(Input records Opens)

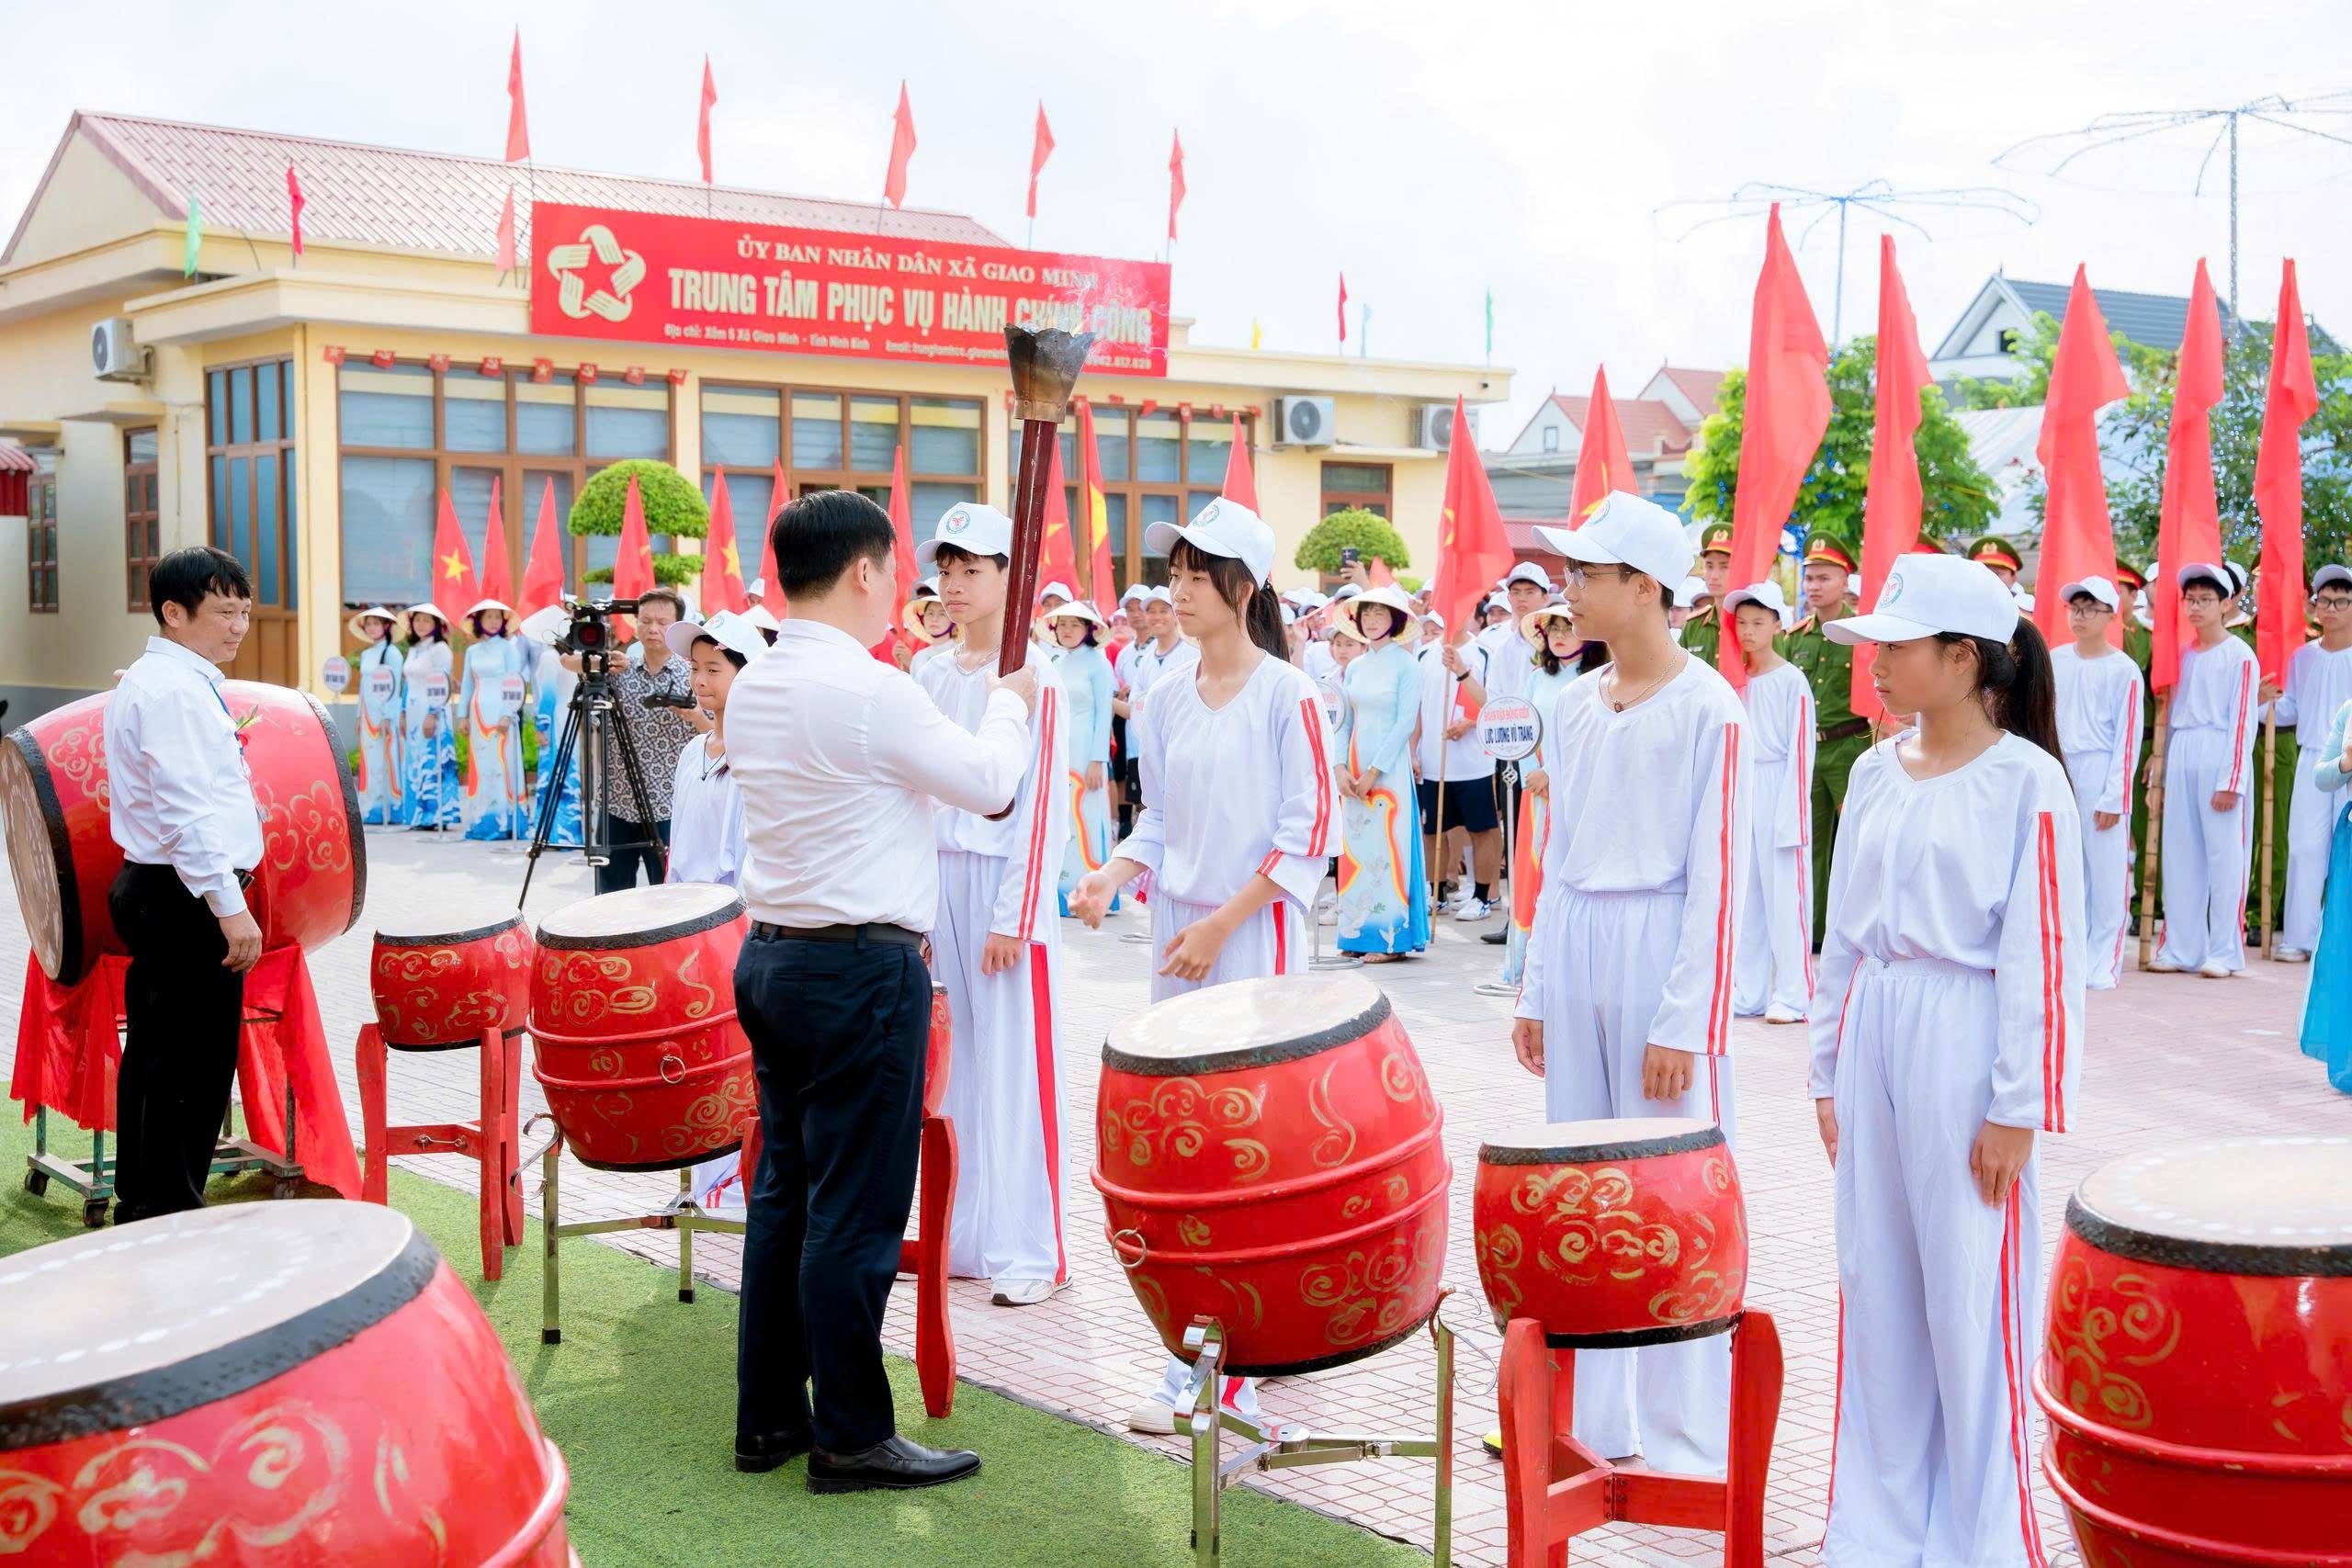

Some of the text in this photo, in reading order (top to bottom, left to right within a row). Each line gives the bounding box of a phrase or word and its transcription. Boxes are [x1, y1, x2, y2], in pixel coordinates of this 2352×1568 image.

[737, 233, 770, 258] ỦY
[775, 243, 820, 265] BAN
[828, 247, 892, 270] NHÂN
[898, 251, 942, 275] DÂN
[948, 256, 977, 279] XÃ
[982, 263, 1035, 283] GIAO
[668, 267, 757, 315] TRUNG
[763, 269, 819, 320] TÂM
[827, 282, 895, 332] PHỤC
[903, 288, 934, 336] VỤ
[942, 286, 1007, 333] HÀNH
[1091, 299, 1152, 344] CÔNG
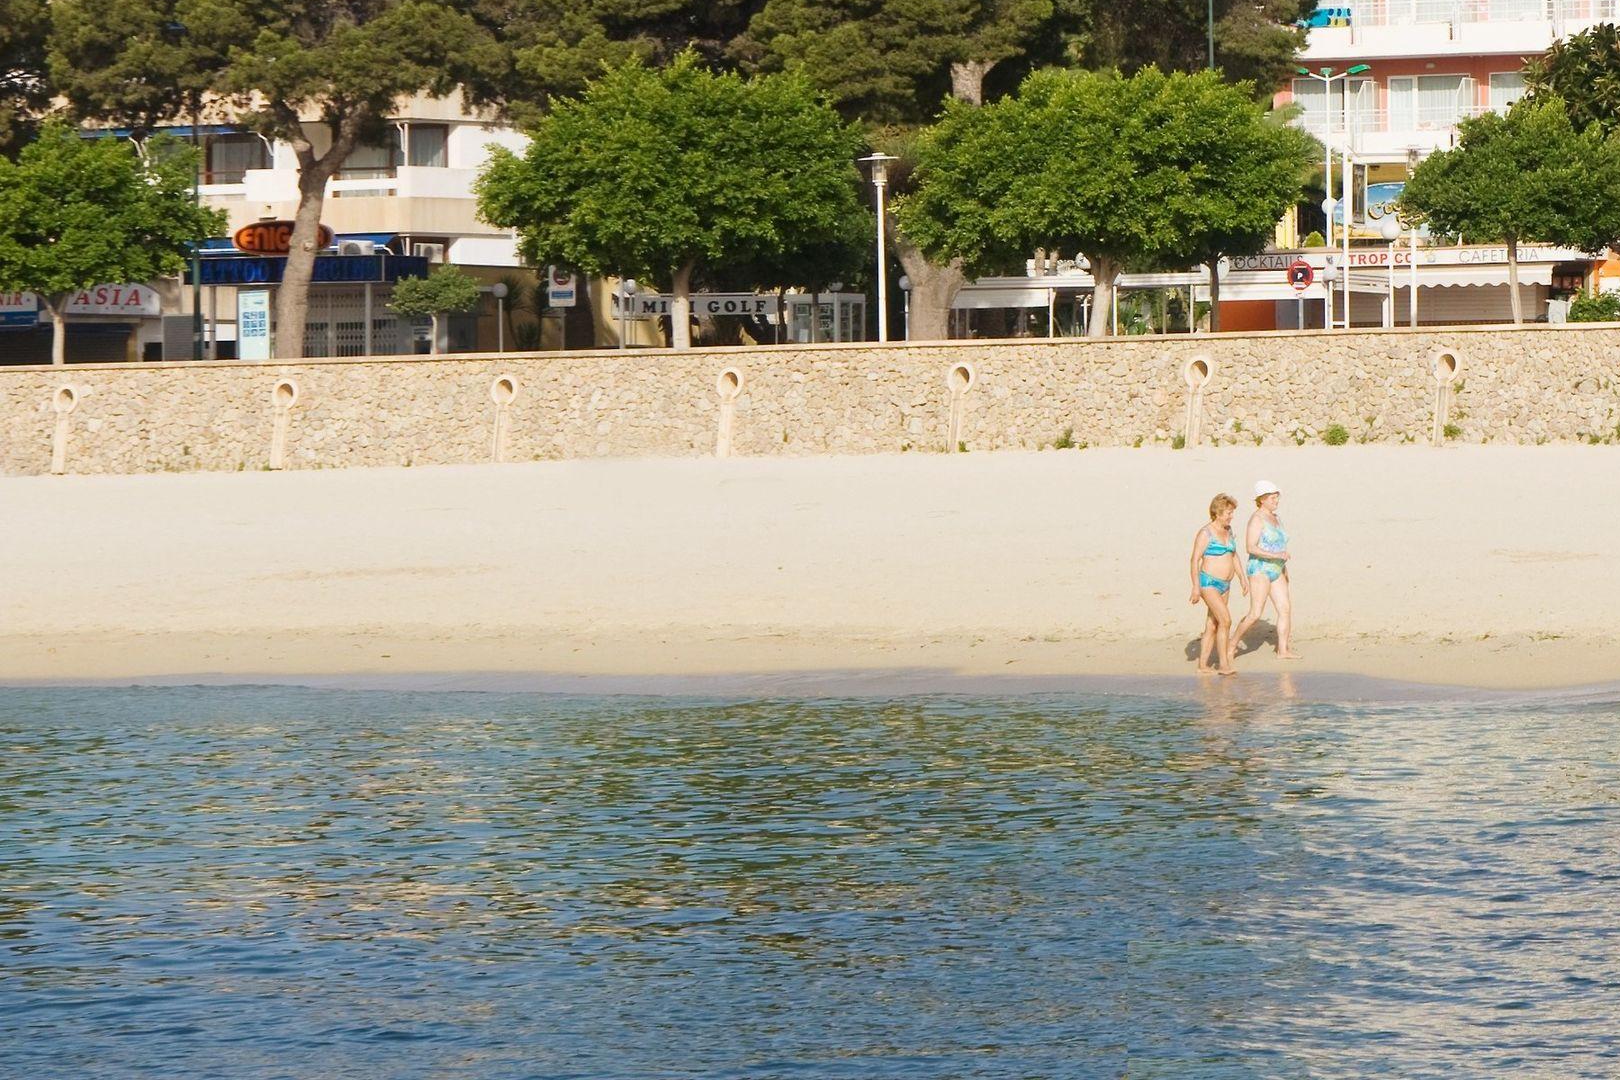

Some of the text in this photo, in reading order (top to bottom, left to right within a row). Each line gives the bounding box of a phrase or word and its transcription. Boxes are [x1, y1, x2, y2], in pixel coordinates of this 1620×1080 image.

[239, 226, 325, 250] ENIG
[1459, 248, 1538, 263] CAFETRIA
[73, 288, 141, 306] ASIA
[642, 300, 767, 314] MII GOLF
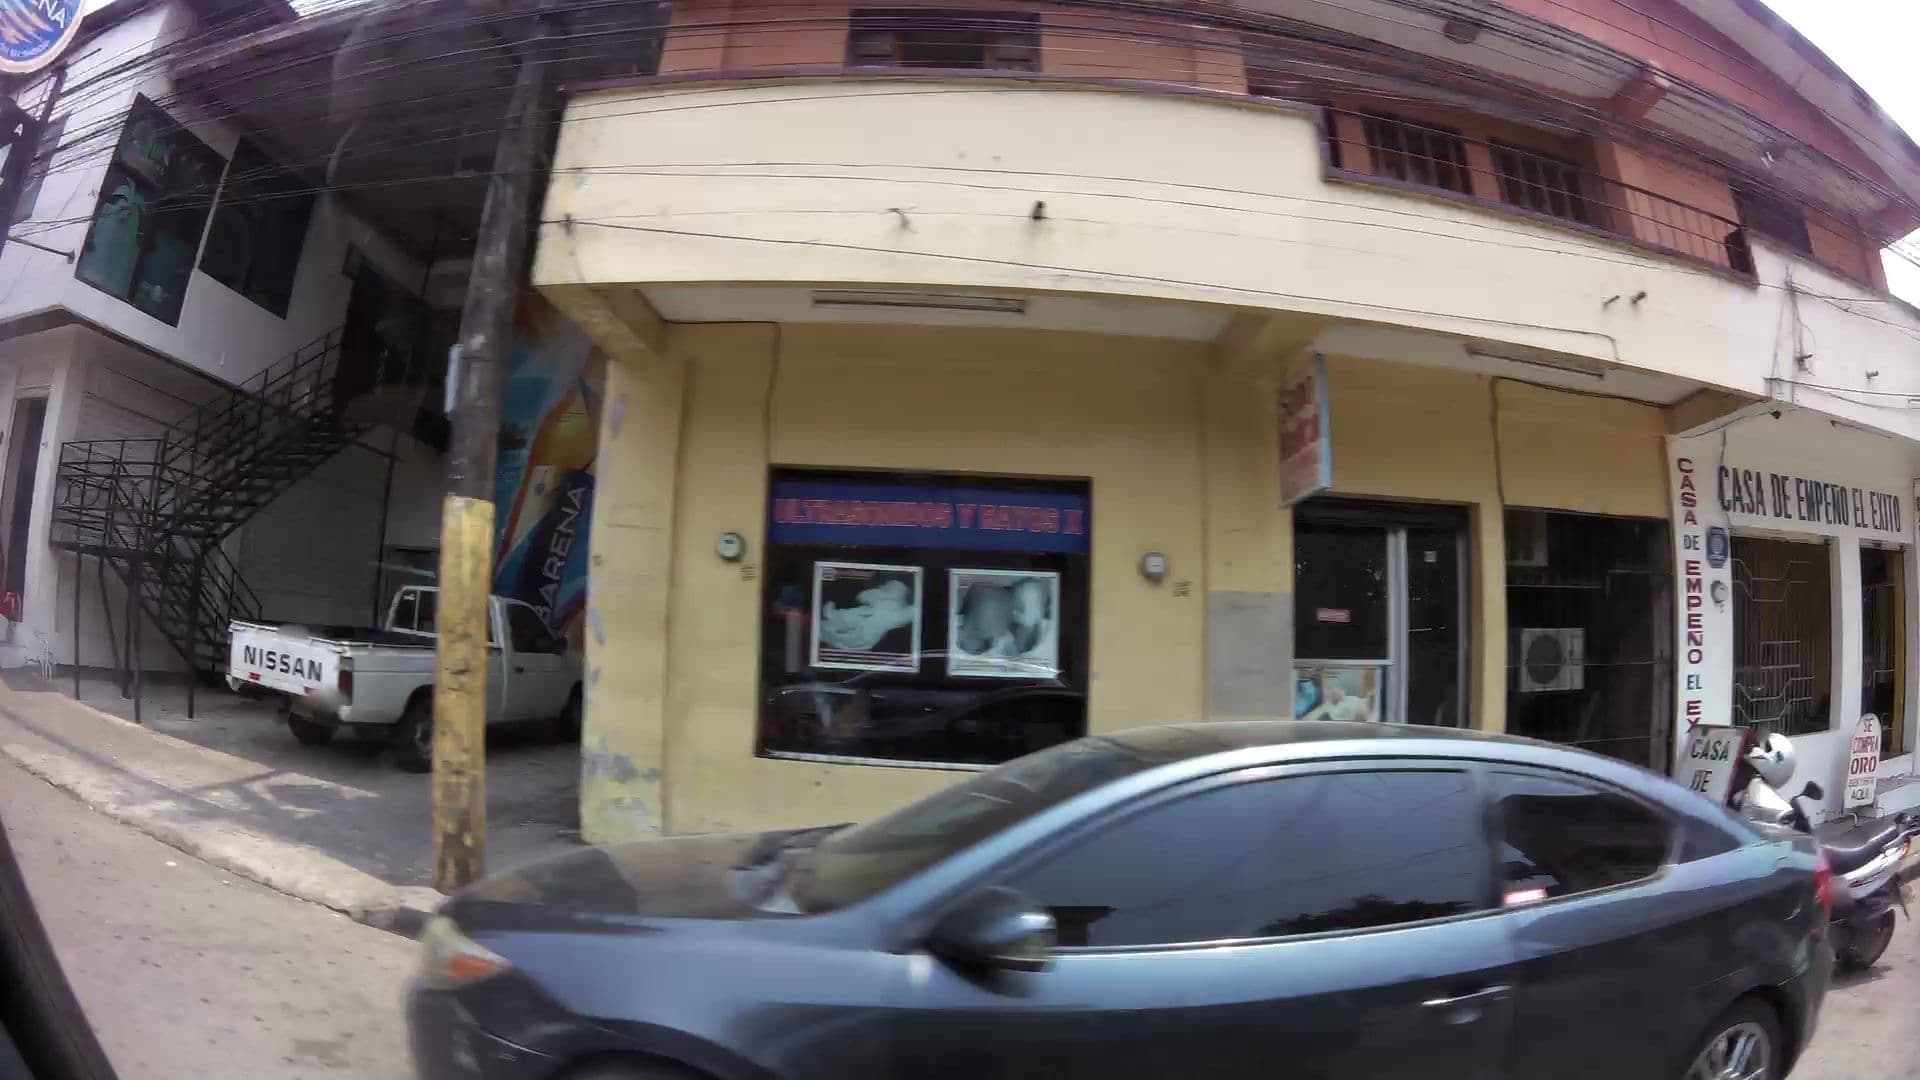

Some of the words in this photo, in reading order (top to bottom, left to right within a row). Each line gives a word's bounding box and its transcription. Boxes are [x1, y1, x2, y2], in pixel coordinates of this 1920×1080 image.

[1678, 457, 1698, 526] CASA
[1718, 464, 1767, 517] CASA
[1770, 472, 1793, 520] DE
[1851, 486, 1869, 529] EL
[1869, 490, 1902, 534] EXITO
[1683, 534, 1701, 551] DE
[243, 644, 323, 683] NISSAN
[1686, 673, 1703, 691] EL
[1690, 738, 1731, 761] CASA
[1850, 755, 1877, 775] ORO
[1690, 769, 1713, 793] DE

(Input records Closes)

▶ **Brief**
The records above need retyping in full. Omit the pictures, and change nothing else.

▶ **Response to this exercise**
Some of the text in this photo, in reading order (top to bottom, left to right within a row). Each line gives the bounding box of a phrase or word and its transcription. Boxes are [x1, y1, x2, y2], in pixel coordinates of this 2352×1568 image.

[737, 233, 770, 258] ỦY
[775, 243, 820, 265] BAN
[828, 247, 892, 270] NHÂN
[898, 251, 942, 275] DÂN
[948, 256, 977, 279] XÃ
[982, 263, 1035, 283] GIAO
[668, 267, 757, 315] TRUNG
[763, 269, 819, 320] TÂM
[827, 282, 895, 332] PHỤC
[903, 288, 934, 336] VỤ
[942, 286, 1007, 333] HÀNH
[1091, 299, 1152, 344] CÔNG

Some of the text in this photo, in reading order (top to bottom, left to right within a row). Each line gives the bounding box of a phrase or word and its transcription. Boxes are [x1, y1, x2, y2], in pixel coordinates of this 1620×1080 image.

[239, 226, 325, 250] ENIG
[1459, 248, 1538, 263] CAFETRIA
[73, 288, 141, 306] ASIA
[642, 300, 767, 314] MII GOLF

Some of the words in this photo, in reading order (top to bottom, left to right within a row). Each line gives a word's bounding box and its transcription. Boxes are [x1, y1, x2, y2], in pixel coordinates of this 1920×1080 image.

[1678, 457, 1698, 526] CASA
[1718, 464, 1767, 517] CASA
[1770, 472, 1793, 520] DE
[1851, 486, 1869, 529] EL
[1869, 490, 1902, 534] EXITO
[1683, 534, 1701, 551] DE
[243, 644, 323, 683] NISSAN
[1686, 673, 1703, 691] EL
[1690, 738, 1731, 761] CASA
[1850, 755, 1877, 775] ORO
[1690, 769, 1713, 793] DE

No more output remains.